<<<<

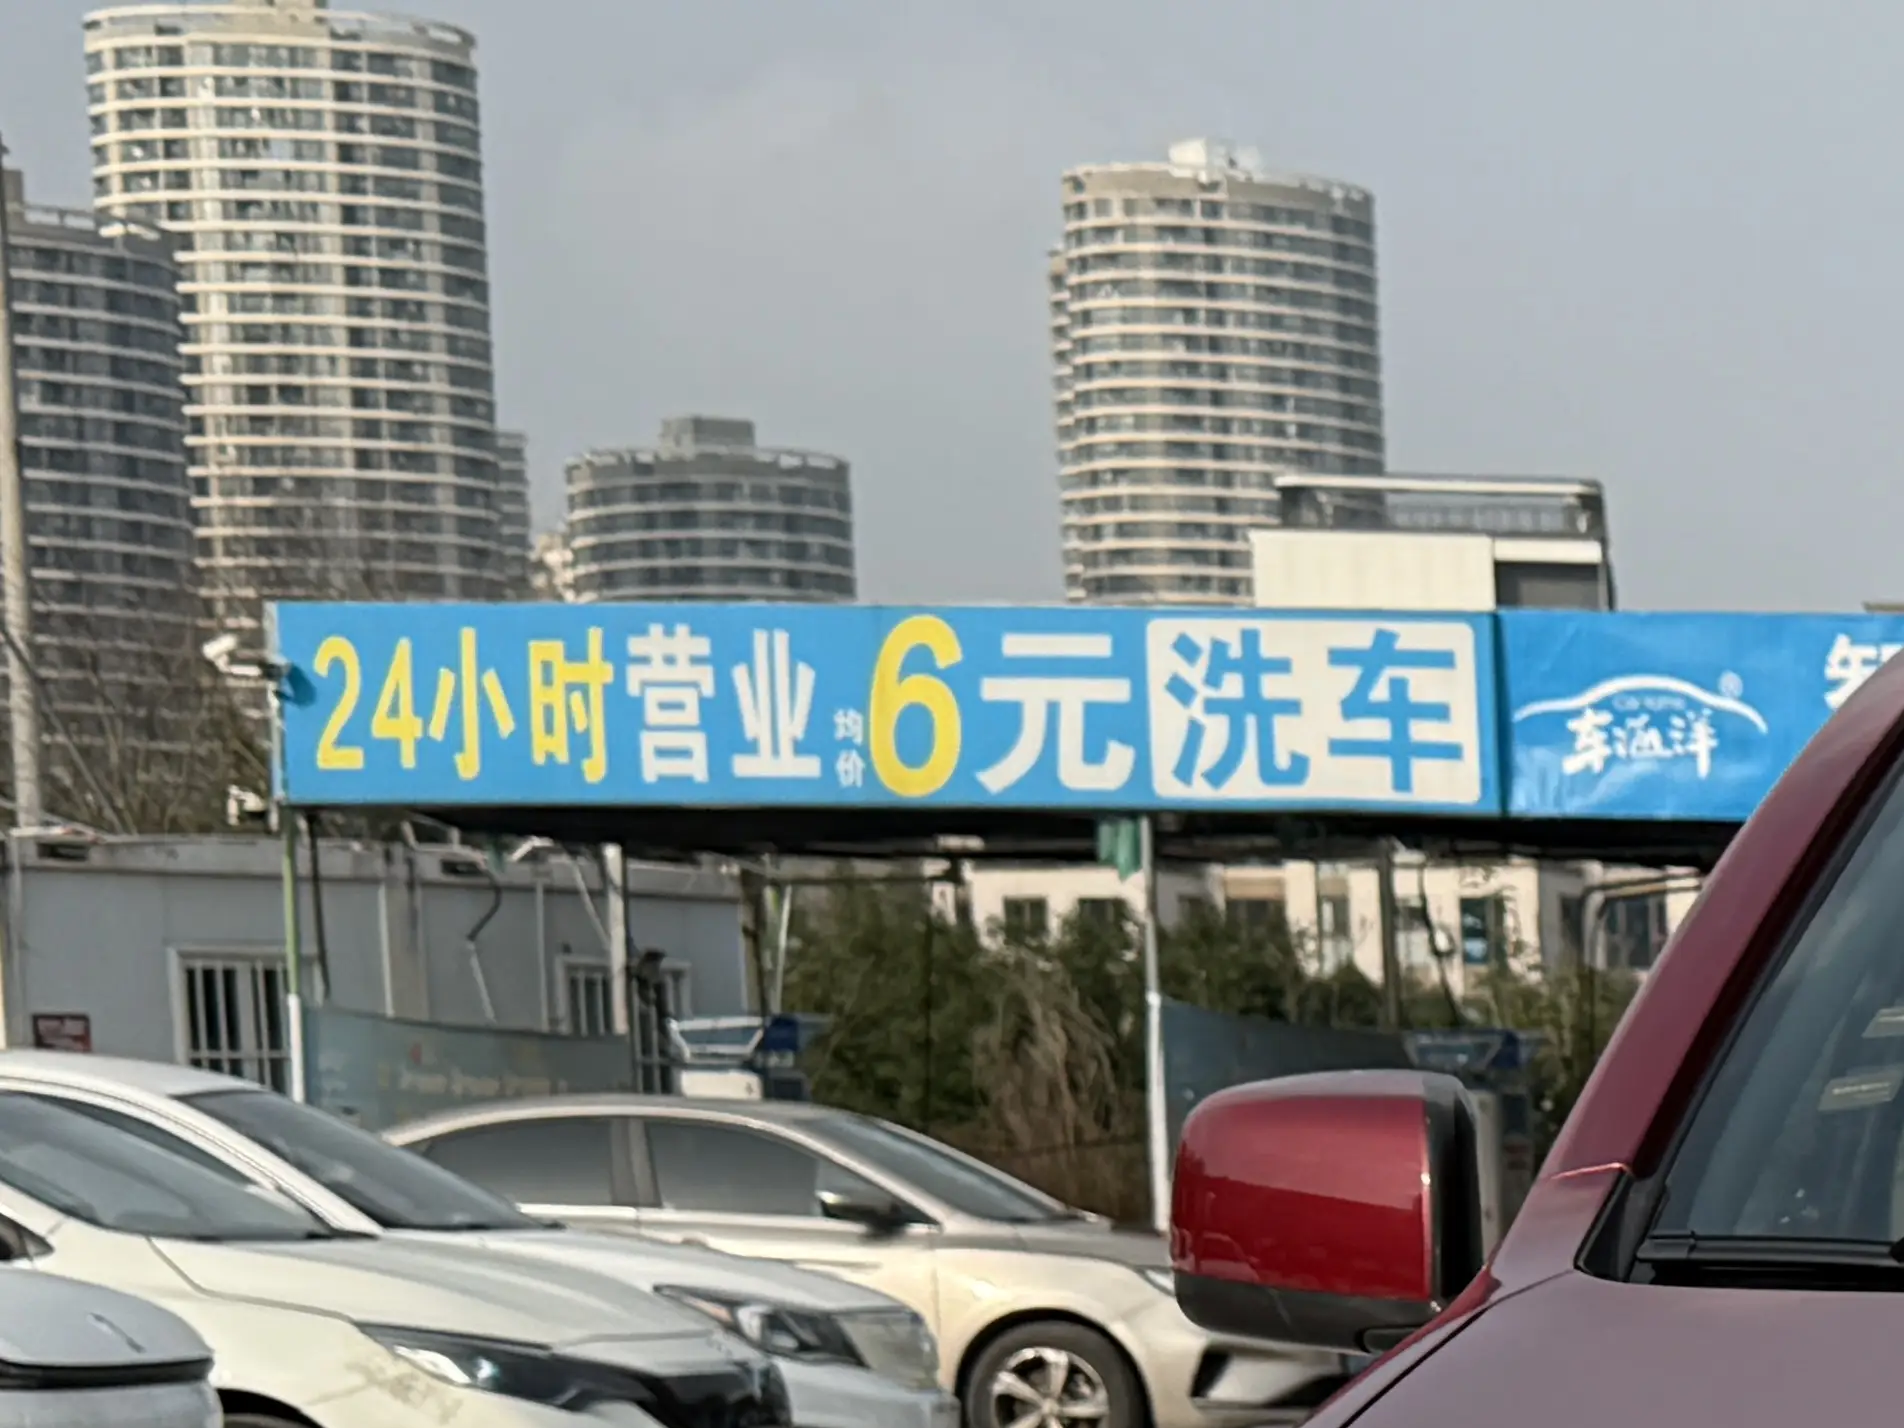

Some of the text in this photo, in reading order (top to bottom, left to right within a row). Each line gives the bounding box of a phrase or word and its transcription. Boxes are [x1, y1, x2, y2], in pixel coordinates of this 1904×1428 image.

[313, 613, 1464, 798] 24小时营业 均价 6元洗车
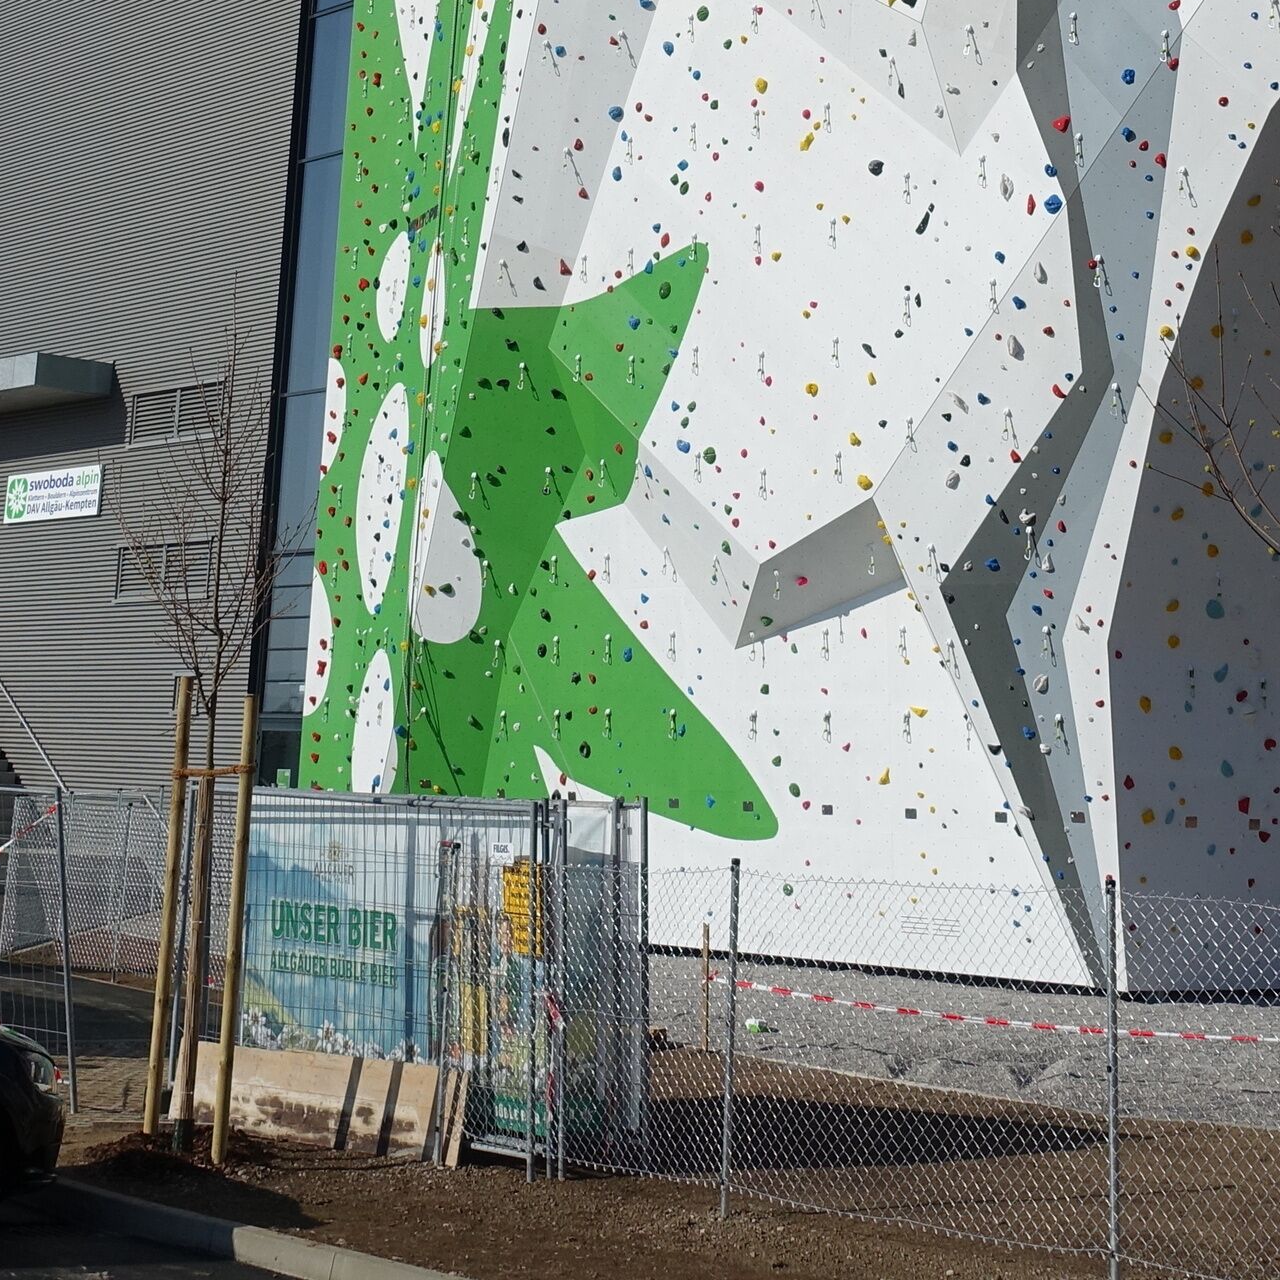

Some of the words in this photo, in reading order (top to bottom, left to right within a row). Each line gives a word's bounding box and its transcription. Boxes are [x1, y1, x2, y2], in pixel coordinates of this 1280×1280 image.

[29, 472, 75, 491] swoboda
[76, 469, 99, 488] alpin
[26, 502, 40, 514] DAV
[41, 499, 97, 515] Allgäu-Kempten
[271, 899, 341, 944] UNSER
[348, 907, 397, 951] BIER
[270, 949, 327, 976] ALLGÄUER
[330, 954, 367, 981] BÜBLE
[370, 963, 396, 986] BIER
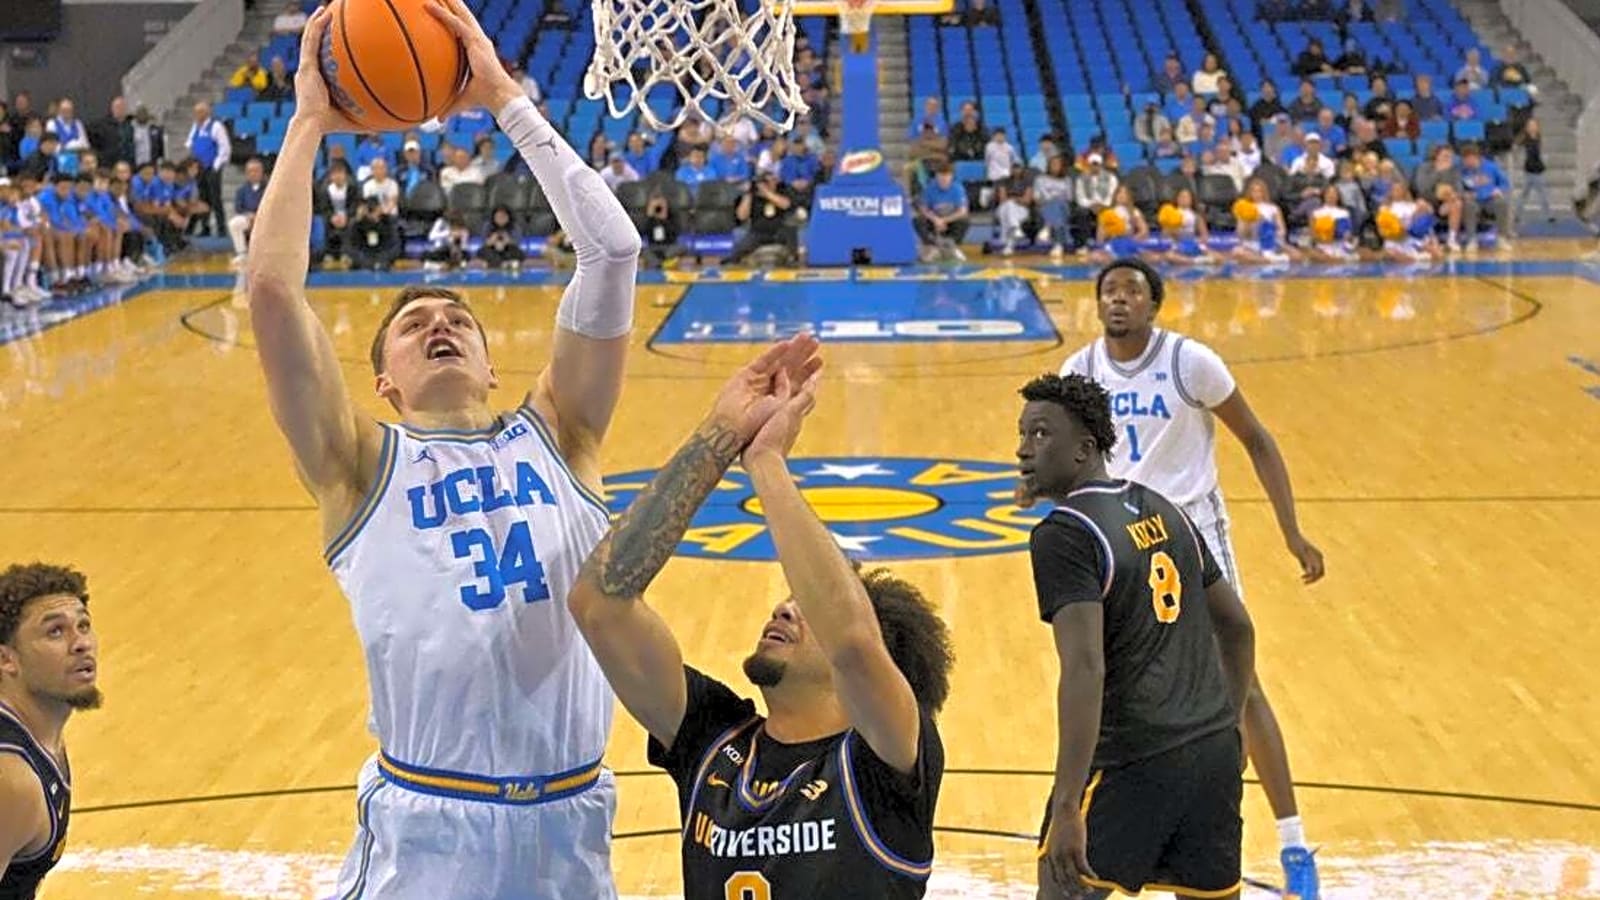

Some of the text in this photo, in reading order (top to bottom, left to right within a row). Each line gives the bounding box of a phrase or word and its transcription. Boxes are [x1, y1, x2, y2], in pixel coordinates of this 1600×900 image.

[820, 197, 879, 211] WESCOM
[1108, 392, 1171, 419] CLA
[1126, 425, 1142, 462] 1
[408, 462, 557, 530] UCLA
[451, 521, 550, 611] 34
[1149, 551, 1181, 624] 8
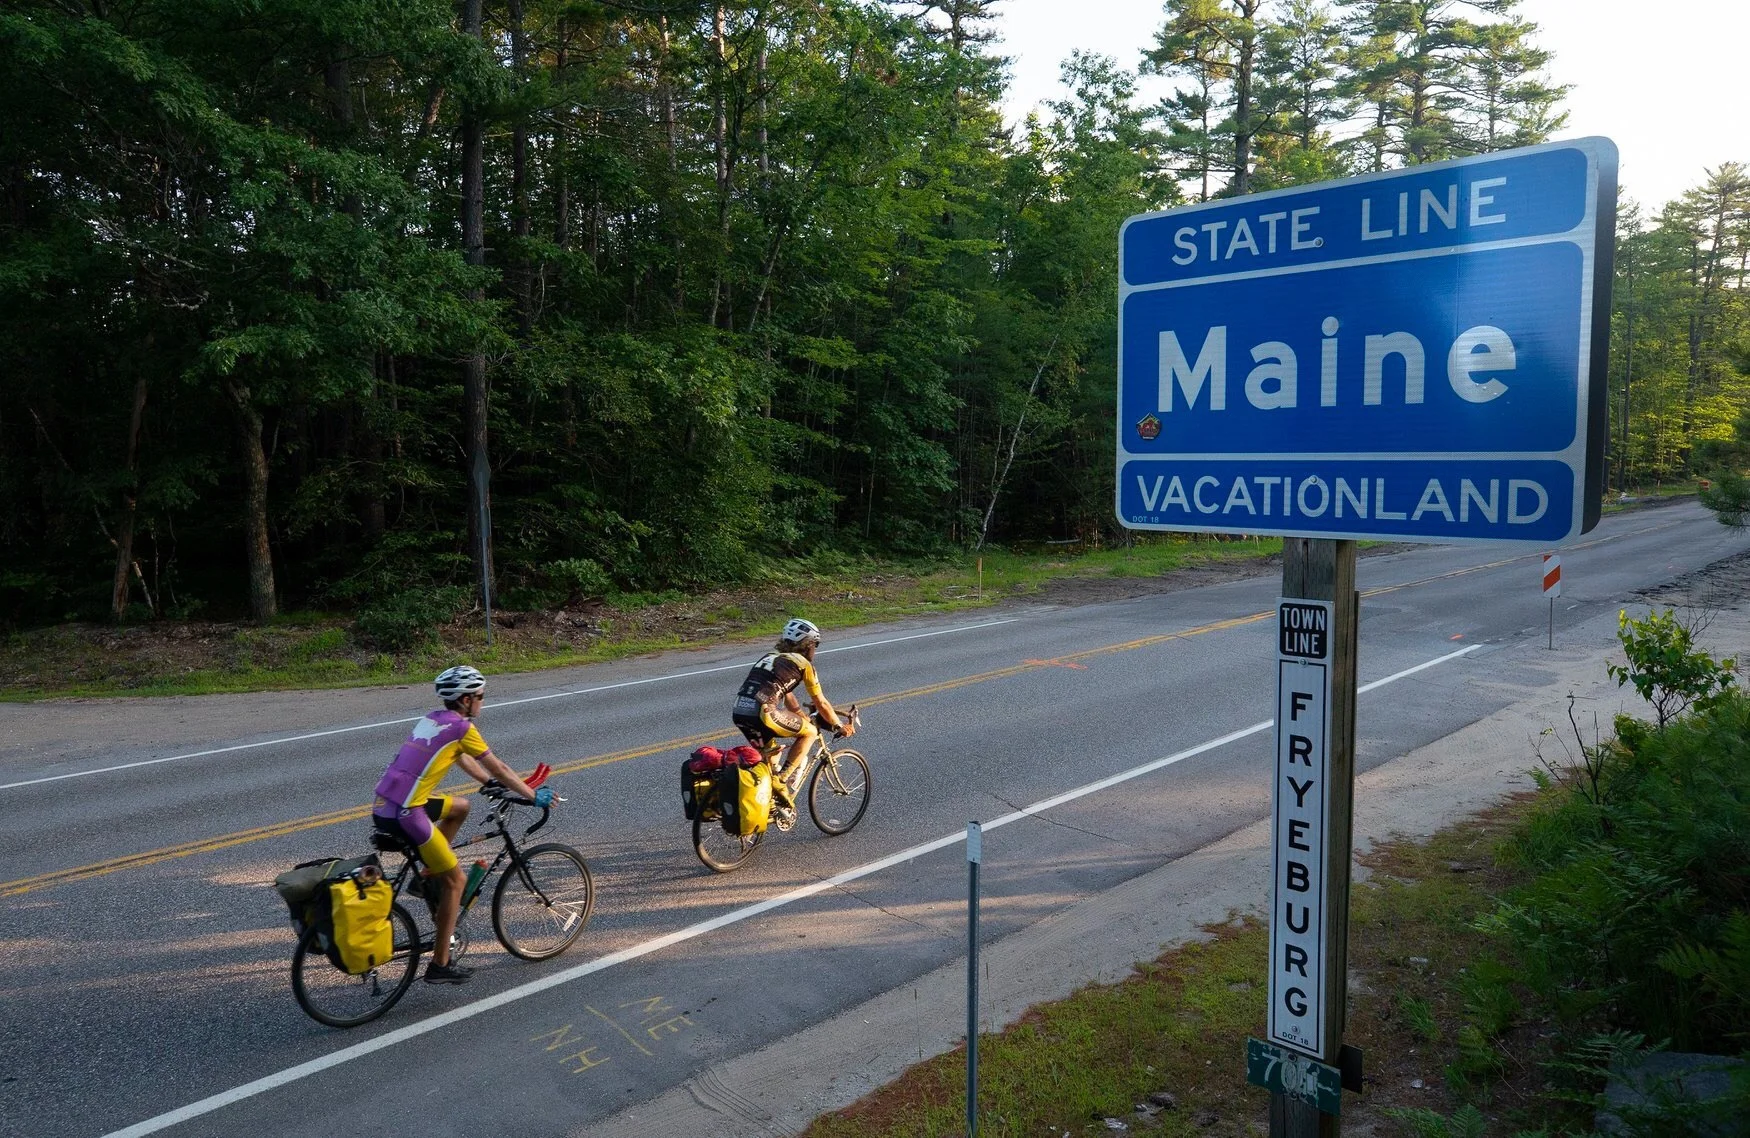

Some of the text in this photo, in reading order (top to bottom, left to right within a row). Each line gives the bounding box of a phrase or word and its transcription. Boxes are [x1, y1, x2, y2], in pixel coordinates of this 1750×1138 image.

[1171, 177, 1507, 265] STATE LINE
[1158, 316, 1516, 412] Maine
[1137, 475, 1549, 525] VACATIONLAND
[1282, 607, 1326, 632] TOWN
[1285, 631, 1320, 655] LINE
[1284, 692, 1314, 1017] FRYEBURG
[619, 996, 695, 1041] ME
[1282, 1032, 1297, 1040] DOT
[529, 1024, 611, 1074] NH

>>>>

WORK TASK: What is needed is an exact copy of every record above, minus the images.

ANSWER SPACE:
Some of the text in this photo, in reading order (top to bottom, left to right within a row). Each line gives the bounding box of a phrase or word and its transcription. Boxes are [x1, y1, x2, y2], in pixel coordinates of this 1904×1428 image.

[313, 613, 1464, 798] 24小时营业 均价 6元洗车

Some of the words in this photo, in reading order (top to bottom, left to right within a row). Each line gives a word's bounding box and its transcription. Boxes are [x1, y1, x2, y2], in pixel coordinates of this 1280×1280 image.

[29, 472, 75, 491] swoboda
[76, 469, 99, 488] alpin
[26, 502, 40, 514] DAV
[41, 499, 97, 515] Allgäu-Kempten
[271, 899, 341, 944] UNSER
[348, 907, 397, 951] BIER
[270, 949, 327, 976] ALLGÄUER
[330, 954, 367, 981] BÜBLE
[370, 963, 396, 986] BIER

Some of the text in this photo, in reading order (top to bottom, left to right within a row). Each line gives the bounding box of a phrase or word and its transcription. Boxes are [x1, y1, x2, y2], in pixel coordinates of this 1600×900 image.

[820, 197, 879, 211] WESCOM
[1108, 392, 1171, 419] CLA
[1126, 425, 1142, 462] 1
[408, 462, 557, 530] UCLA
[451, 521, 550, 611] 34
[1149, 551, 1181, 624] 8

Some of the text in this photo, in reading order (top to bottom, left to right within a row). Each line gives the bounding box of a phrase or word and its transcription. Boxes are [x1, y1, x2, y2], in pixel coordinates of this 1750×1138 image.

[1171, 177, 1507, 265] STATE LINE
[1158, 316, 1516, 412] Maine
[1137, 475, 1549, 525] VACATIONLAND
[1282, 607, 1326, 632] TOWN
[1285, 631, 1320, 655] LINE
[1284, 692, 1314, 1017] FRYEBURG
[619, 996, 695, 1041] ME
[1282, 1032, 1297, 1040] DOT
[529, 1024, 611, 1074] NH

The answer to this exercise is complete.